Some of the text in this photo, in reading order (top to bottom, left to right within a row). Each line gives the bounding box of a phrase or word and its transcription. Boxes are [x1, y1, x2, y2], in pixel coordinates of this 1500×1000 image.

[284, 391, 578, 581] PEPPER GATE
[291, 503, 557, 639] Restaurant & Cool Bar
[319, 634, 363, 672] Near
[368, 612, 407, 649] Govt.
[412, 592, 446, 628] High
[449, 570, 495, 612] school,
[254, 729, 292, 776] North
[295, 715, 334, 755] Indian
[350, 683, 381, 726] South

□ □ □ □ □ □ □

• What the task requires: Transcribe the entire listing above exactly.

• Answer to this exercise:
Some of the text in this photo, in reading order (top to bottom, left to right within a row). Each line gives the bounding box of a phrase or word and its transcription. Boxes are [x1, y1, x2, y2], in pixel coordinates of this 1500×1000 image.

[284, 391, 578, 581] PEPPER GATE
[291, 503, 557, 639] Restaurant & Cool Bar
[319, 634, 363, 672] Near
[368, 612, 407, 649] Govt.
[412, 592, 446, 628] High
[449, 570, 495, 612] school,
[254, 729, 292, 776] North
[295, 715, 334, 755] Indian
[350, 683, 381, 726] South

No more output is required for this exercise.